The research focus of the Institute of Medical Technology and Intelligent Systems at Hamburg University of Technology includes robotics, image processing, and image guidance as well as the development and adaptation of machine learning approaches and optimization methods for clinical applications. We are particularly interested in detecting and compensating motion and deformation of tissue structures, e.g., using spatio-temporal deep learnings and fast volumetric imaging like OCT and ultrasound. We collaborate with a range of clinical partners, including from cardiology, oncology, neurology, surgery, and radiation therapy with applications ranging from radiation therapy treatment plan optimization to robotic needle placements.

Maximilian Neidhardt, M.Sc.

Hamburg University of Technology

research assistant at the Institute for Medical Technology and Intelligent Systems

With a background in medical engineering, Max’s main research focus is in the field of elastography and real-time data processing. By using fast imaging modalities such as optical coherence tomography (OCT) and ultrasound imaging we can track excited shear waves inside soft tissue. Mapping the elasticity in a minimally invasive fashion and generating elasticity maps in real-time is a main focus. We acquire 3D and 4D image data and study multi-dimensional neural networks for real-time prediction of elasticity. Next to superficial imaging devices we also focus on minimal invasive needle probes with integrated elasticity sensing. We study if a surgeon can feel tissue interfaces during needle insertions while a robot applies haptic feedback. Essentially, the surgeon will navigate by sensing the tissue interfaces.
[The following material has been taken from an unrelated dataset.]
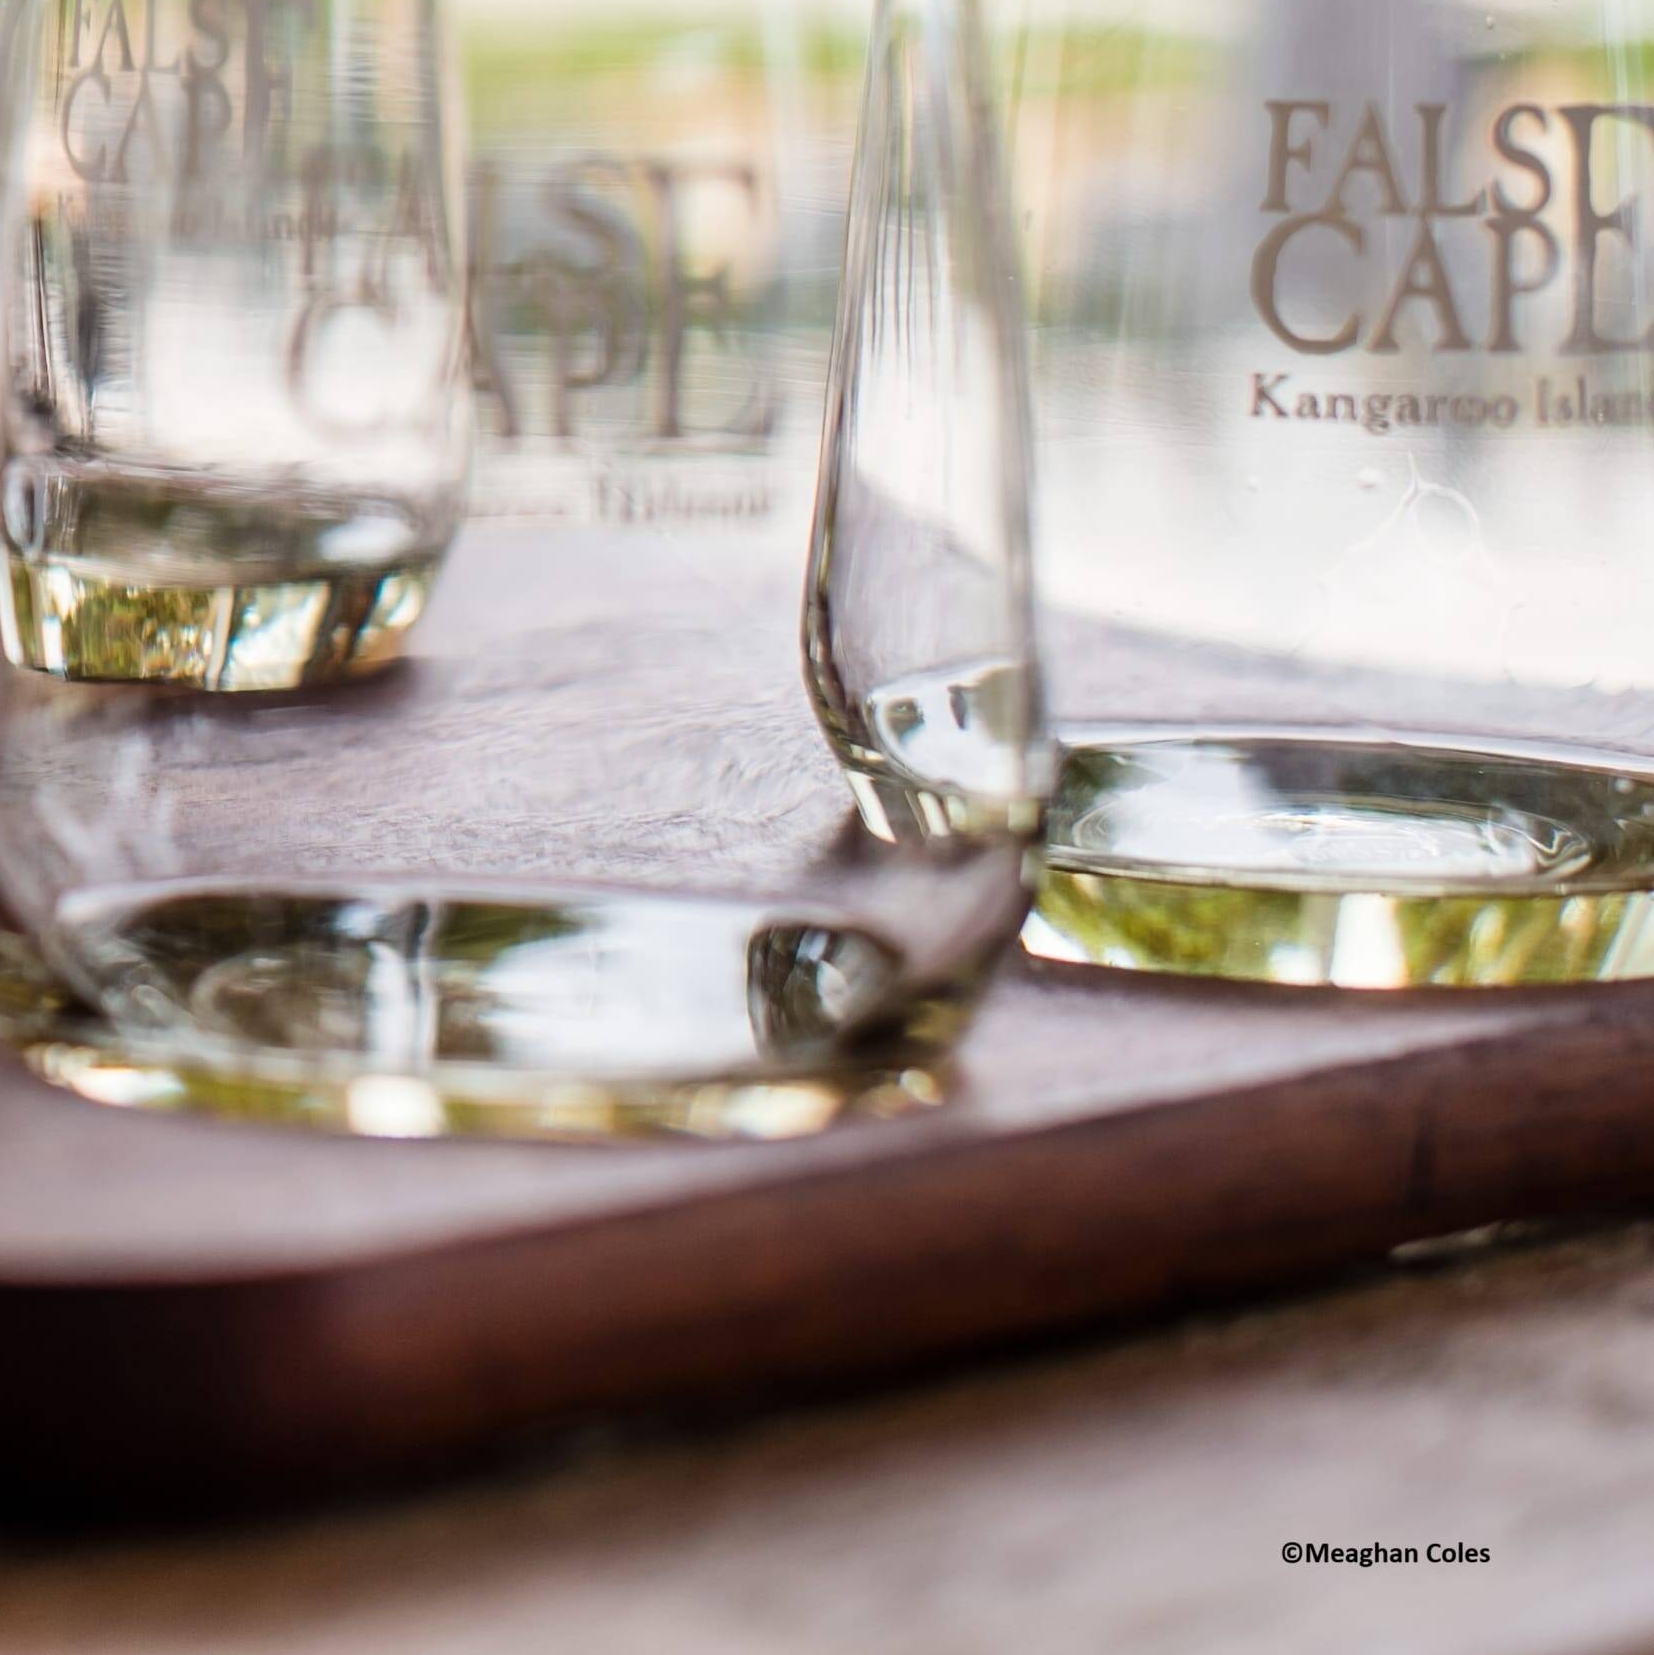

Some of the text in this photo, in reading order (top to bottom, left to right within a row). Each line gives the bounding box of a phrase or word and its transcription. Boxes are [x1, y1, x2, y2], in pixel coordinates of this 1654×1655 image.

Prof. Dr.-Ing. Tobias Knopp

University Medical Center Hamburg-Eppendorf and Hamburg University of Technology

Head of Institute for Biomedical Imaging

The Institute for Biomedical Imaging (IBI) is a joint institute of the University Medical Center Hamburg-Eppendorf and the Hamburg University of Technology and focuses on image reconstruction within several tomographic imaging techniques. In particular the new method magnetic particle imaging is researched and new image reconstruction and artifact reduction algorithms are developed for the method. In addition to image reconstruction, the institute investigates new imaging sequences and new scanner hardware. In the field of magnetic resonance imaging and computed tomography, the institute develops algorithms for accelerated and dose reduced measurement protocols and for multi-contrast imaging.

Mirco Grosser, M. Sc.

University Medical Center Hamburg-Eppendorf

Research Assistant at the Institute for Biomedical Imaging

Having a background in physics and biomedical imaging, Mirco’s main research focus are algorithmic techniques for image reconstruction and artifact reduction in different imaging modalities such as magnetic particle imaging and magnetic resonance imaging. A common aspect of modern image reconstruction techniques is the targeted use of prior knowledge in order to reduce measurement time, increase image quality or mitigate imaging artifacts. This can either be achieved using classical optimization techniques or using modern data-driven approaches. To facilitate research at the interface of different imaging techniques, Mirco puts a focus on the development of reconstruction tools within a common framework that is both flexible and easily extendable.